_WORK REQUIRED:_
Could you transcribe each record below exactly as written, setting the pictures aside?

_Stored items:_

■ ■ ■ ■

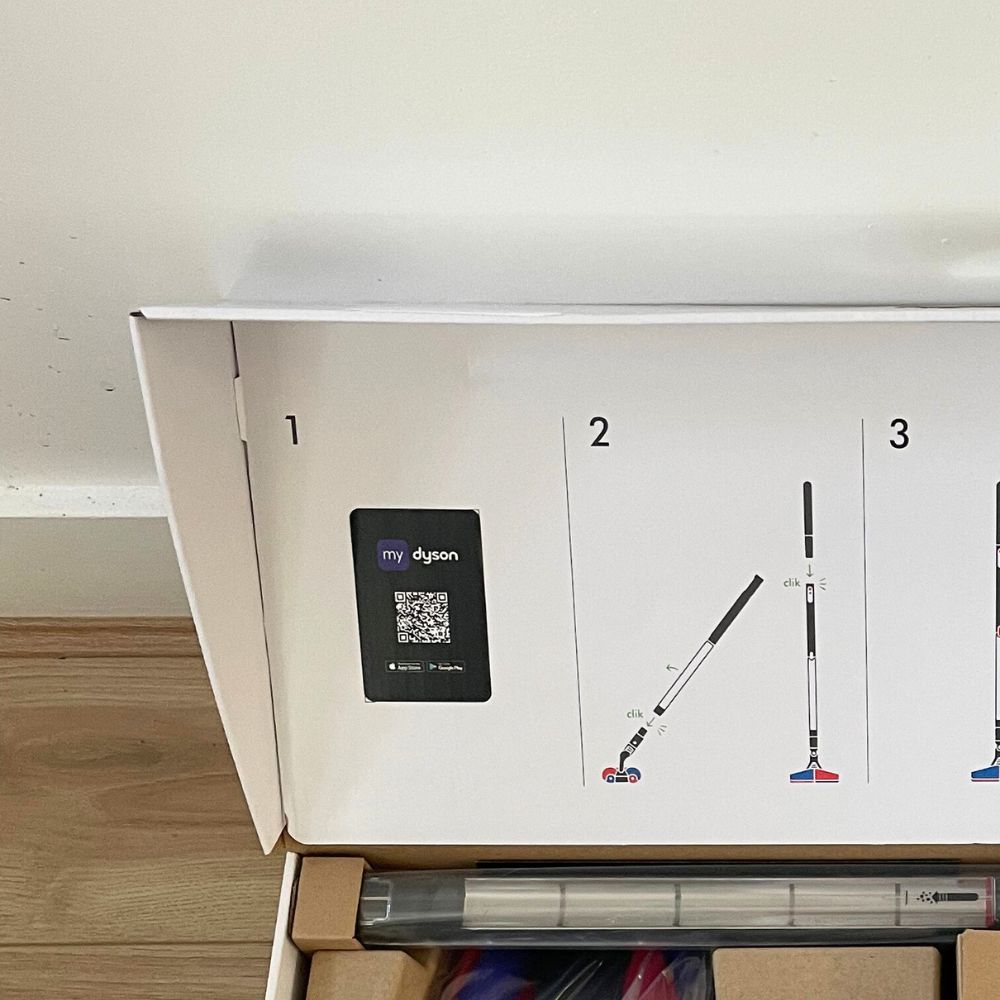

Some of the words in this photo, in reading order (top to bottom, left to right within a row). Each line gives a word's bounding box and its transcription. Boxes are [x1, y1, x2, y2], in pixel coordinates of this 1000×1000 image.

[284, 416, 298, 444] 1
[590, 416, 610, 446] 2
[890, 418, 909, 449] 3
[382, 550, 404, 564] my
[412, 546, 458, 564] dyson
[783, 578, 800, 588] clik
[626, 709, 644, 719] clik
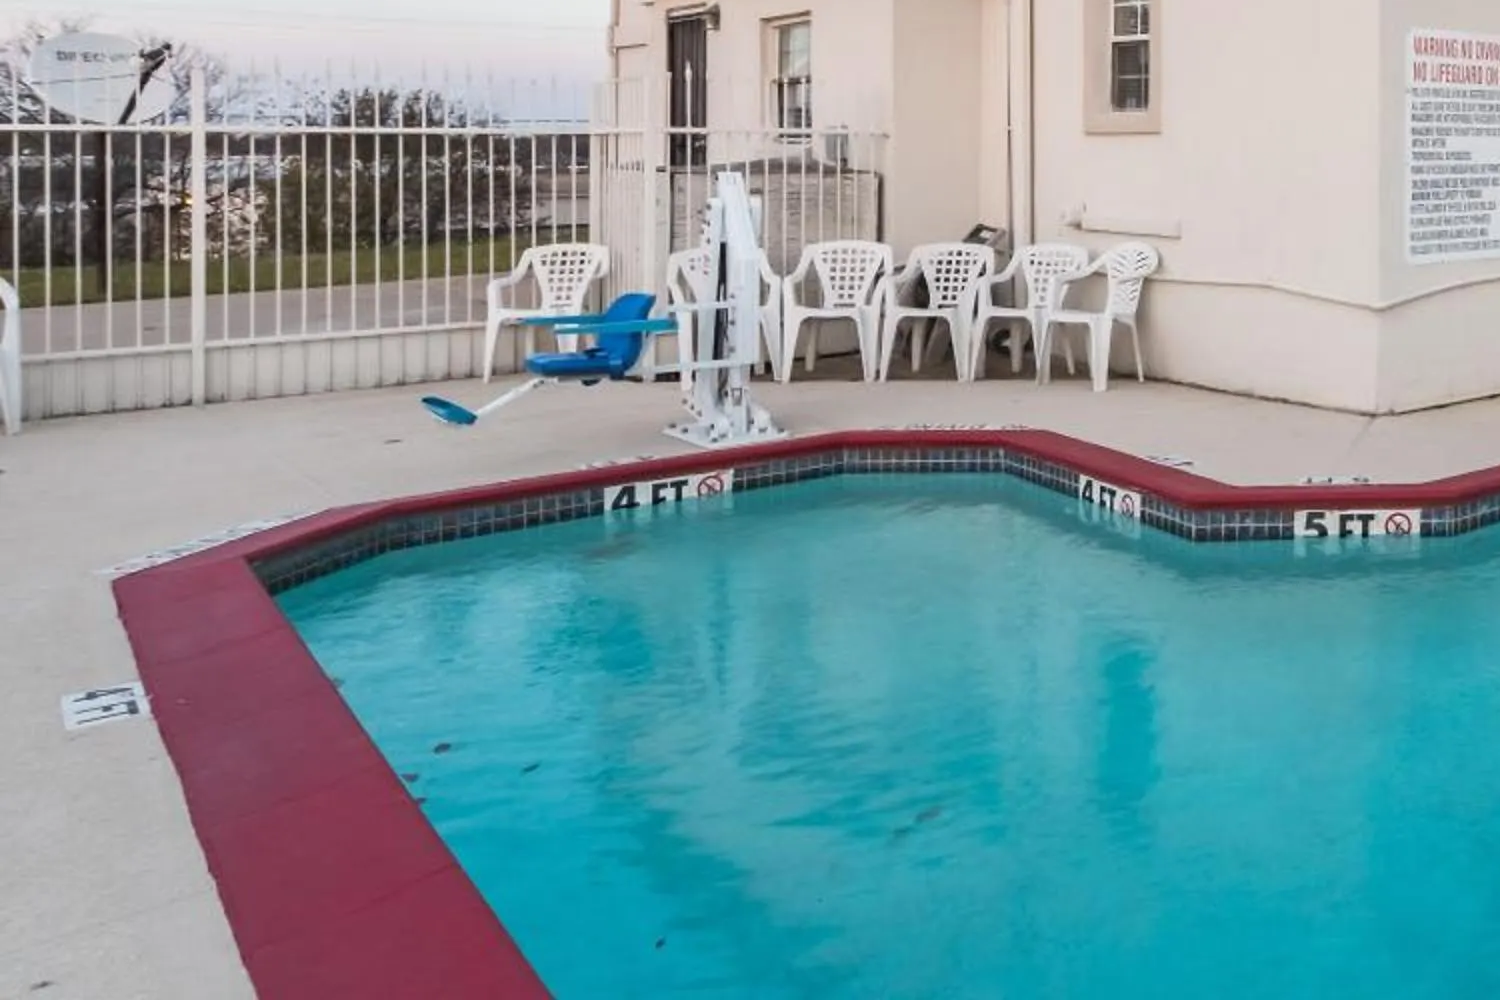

■ ■ ■ ■

_ANSWER TO THIS PROBLEM:_
Some of the words in this photo, in reading order (top to bottom, left to right within a row). Each line gives a word's bounding box and its transcription. Boxes are [x1, y1, x2, y2], in pixel coordinates of this 1000×1000 image.

[284, 416, 298, 444] 1
[590, 416, 610, 446] 2
[890, 418, 909, 449] 3
[382, 550, 404, 564] my
[412, 546, 458, 564] dyson
[783, 578, 800, 588] clik
[626, 709, 644, 719] clik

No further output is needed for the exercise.